Venus' atmosphere holds so little water that even Earth's most drought-resistant microbes couldn't survive, a new study reveals. Yet, Jupiter offers a faint glimmer of possibility.
Last year, astronomers detected phosphine in Venus' atmosphere—a gas sometimes linked to life—sparking excitement. While the planet's scorching surface rules out biology, its clouds at 35-50 km altitude mimic Earth's pressure and temperatures, keeping the idea alive. However, recent research identified that phosphine signal as likely sulfur dioxide. Now, a peer-reviewed paper in Nature delivers a definitive blow: Venusian clouds lack the water needed for any known life forms.
Microbiologist John Hallsworth and colleagues at Queen's University Belfast analyzed probe data on temperature, humidity, and pressure within Venus' sulfuric acid clouds.

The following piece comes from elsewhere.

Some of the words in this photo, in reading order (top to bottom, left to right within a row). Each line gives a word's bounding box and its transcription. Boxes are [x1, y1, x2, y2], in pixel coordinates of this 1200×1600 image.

They calculated "water activity"—a key metric for life's viability, scored from 0 to 1. Earth's extremophiles survive down to 0.585, but Venus clouds register just 0.004.

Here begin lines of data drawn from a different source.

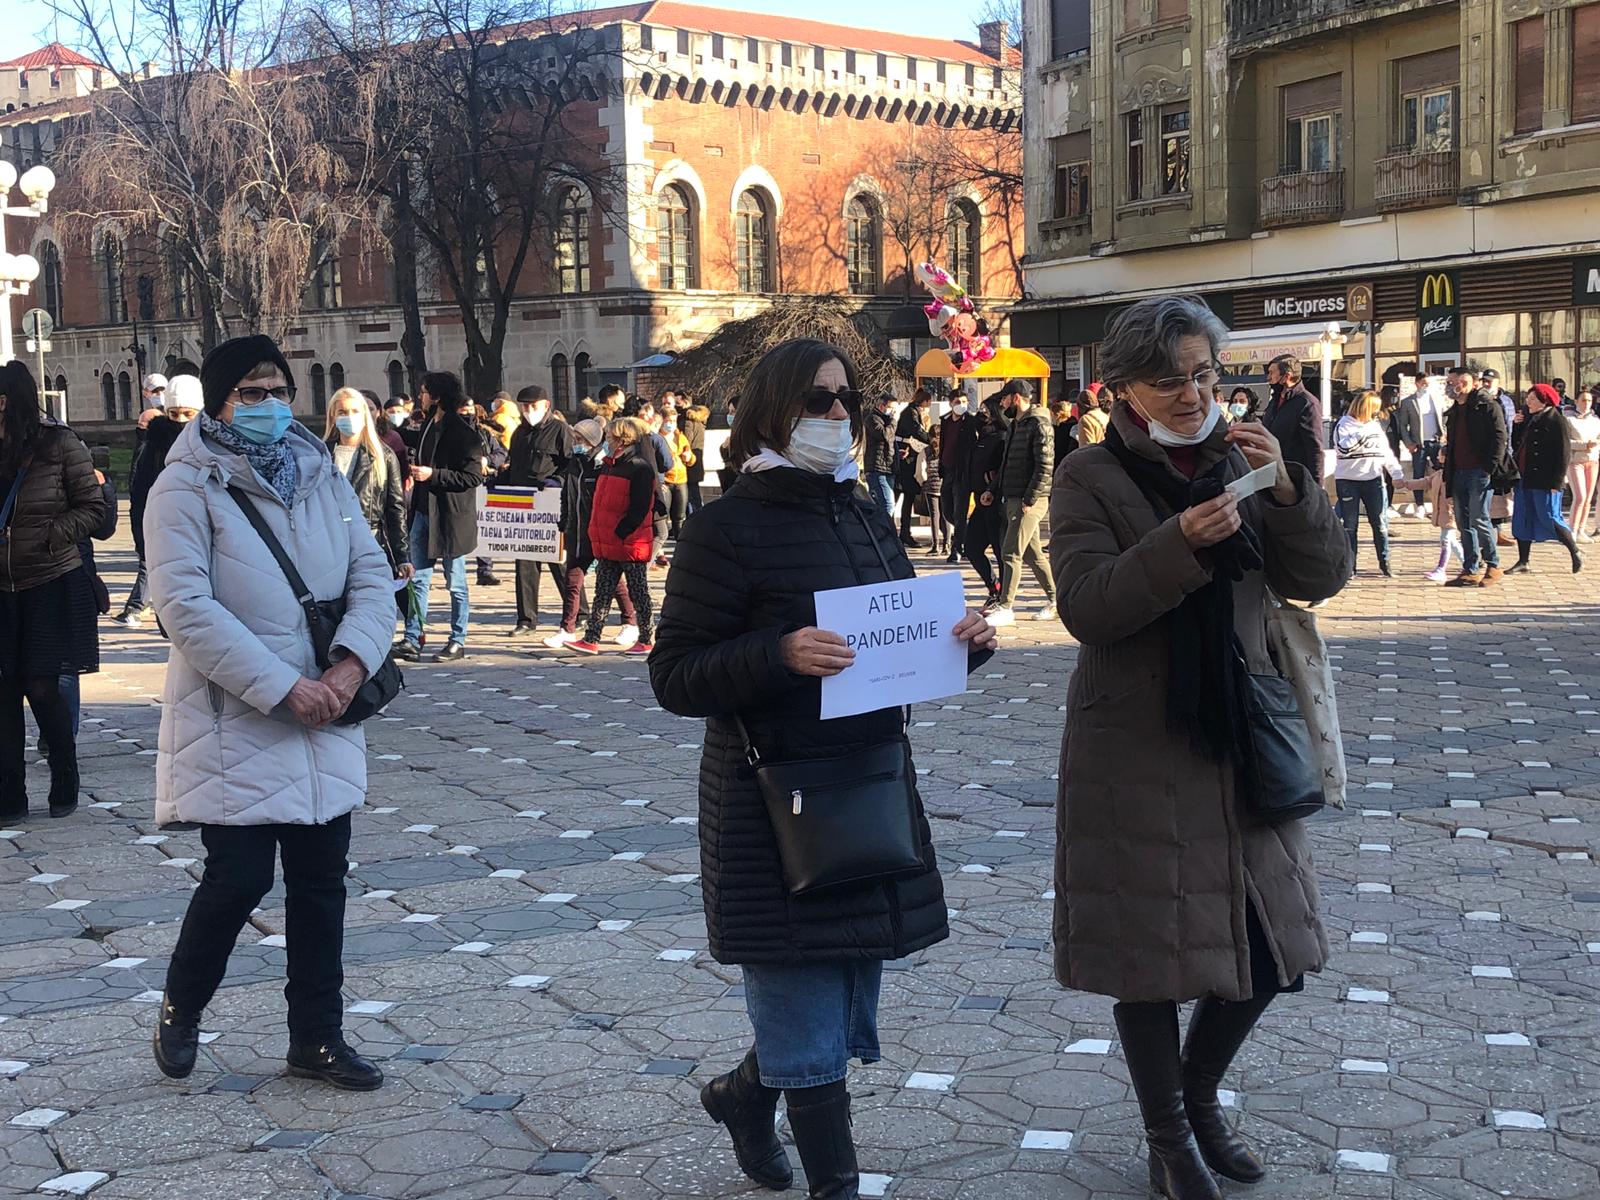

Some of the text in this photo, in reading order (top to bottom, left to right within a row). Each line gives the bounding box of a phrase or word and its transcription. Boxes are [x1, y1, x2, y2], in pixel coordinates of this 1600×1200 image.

[1264, 296, 1345, 317] McExpress
[1356, 295, 1367, 305] 24
[488, 543, 509, 552] TUDOR
[868, 590, 913, 614] ATEU
[846, 620, 938, 650] PANDEMIE

"The water concentration in these clouds is over 100 times too low for even Earth's toughest organisms to endure," Hallsworth states. "It's an insurmountable barrier."
Co-author Chris McKay, an astronomer, emphasizes the data's solidity: "This comes straight from measurements, not models. Upcoming NASA and ESA missions will confirm the same temperatures and pressures—Venus hasn't changed in that timeframe."

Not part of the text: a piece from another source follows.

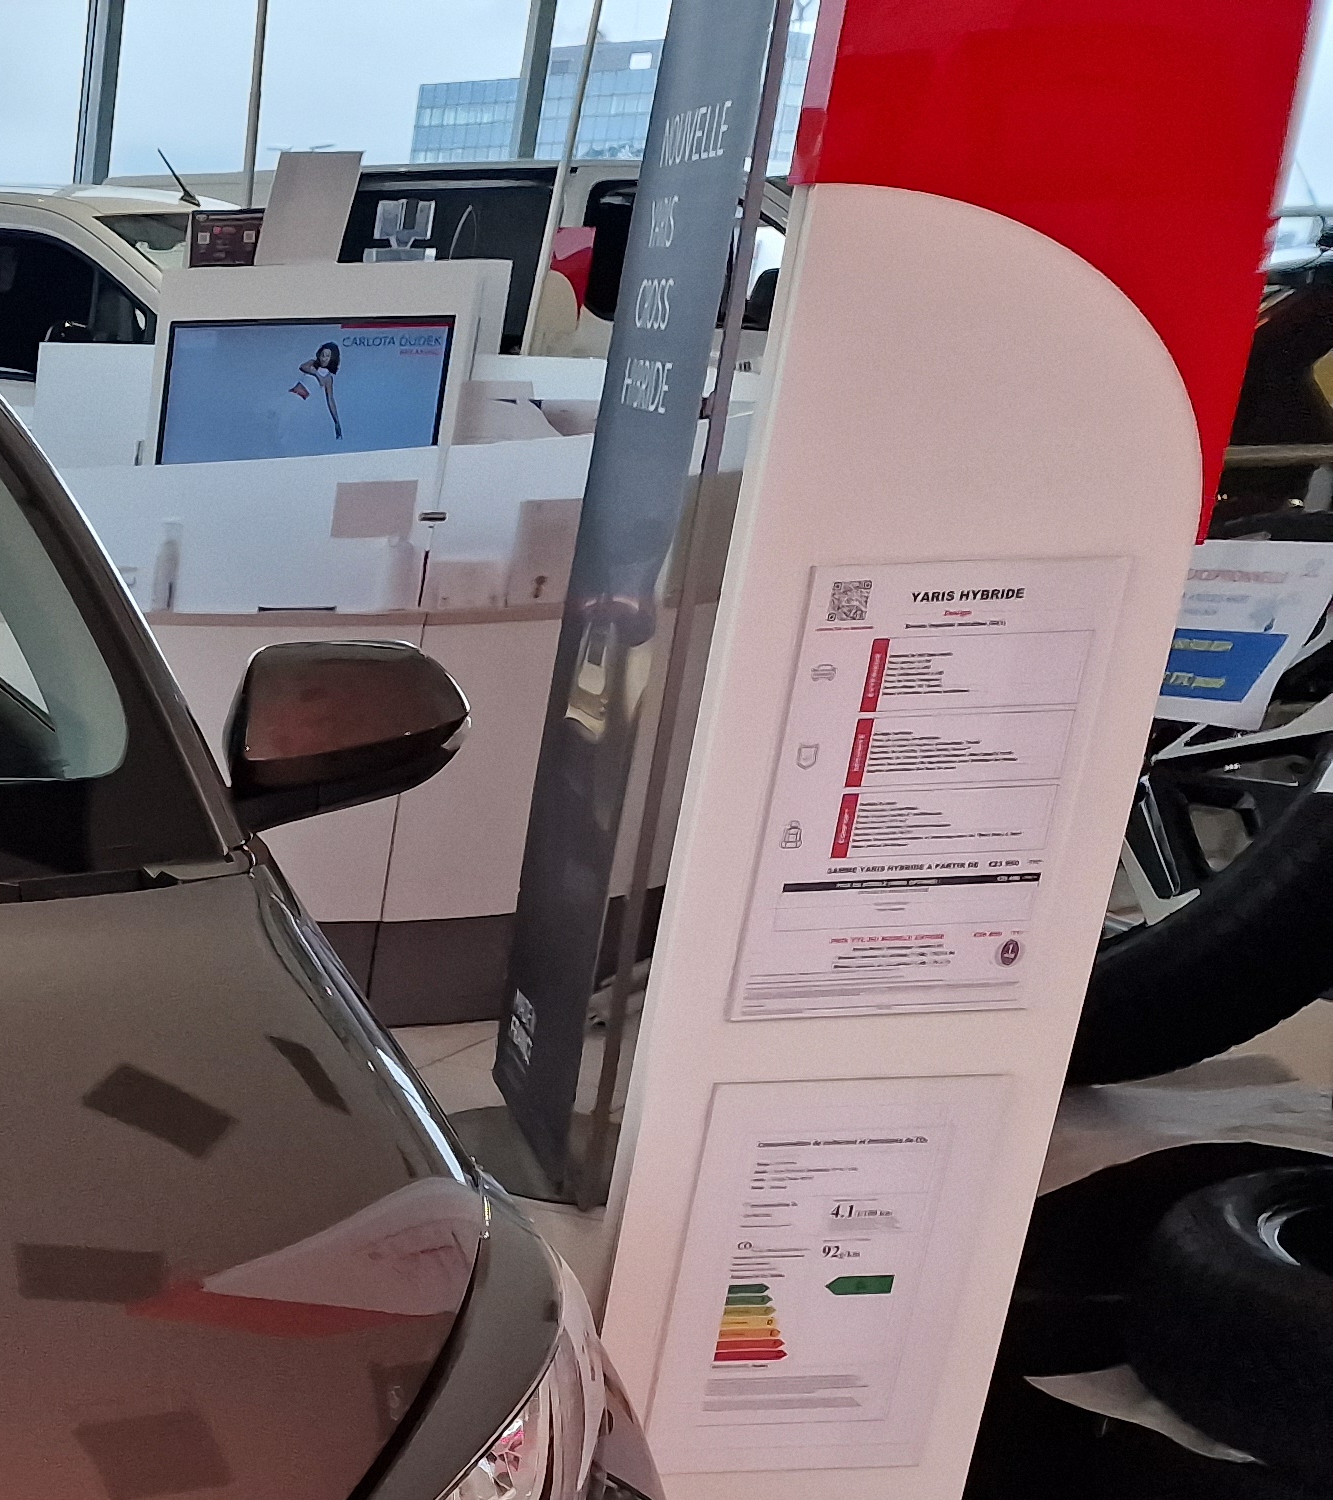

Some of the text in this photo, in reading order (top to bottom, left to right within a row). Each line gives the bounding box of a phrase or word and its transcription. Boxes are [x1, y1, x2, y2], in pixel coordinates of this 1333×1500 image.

[342, 336, 396, 347] CARLOTA
[911, 588, 1025, 603] YARIS HYBRIDE
[830, 1204, 855, 1218] 4.1

The team extended their analysis to other worlds. Mars' clouds hit 0.537 water activity—below viable levels—plus freezing temperatures, high UV radiation, and inhospitable conditions for microbes.
Jupiter's clouds, however, at temperatures from -40°C to 10°C, reach the critical 0.585 threshold. "Unexpectedly, Jupiter offers the right temperature and water activity for active life," Hallsworth notes. "Nutrients remain uncertain, but water checks out."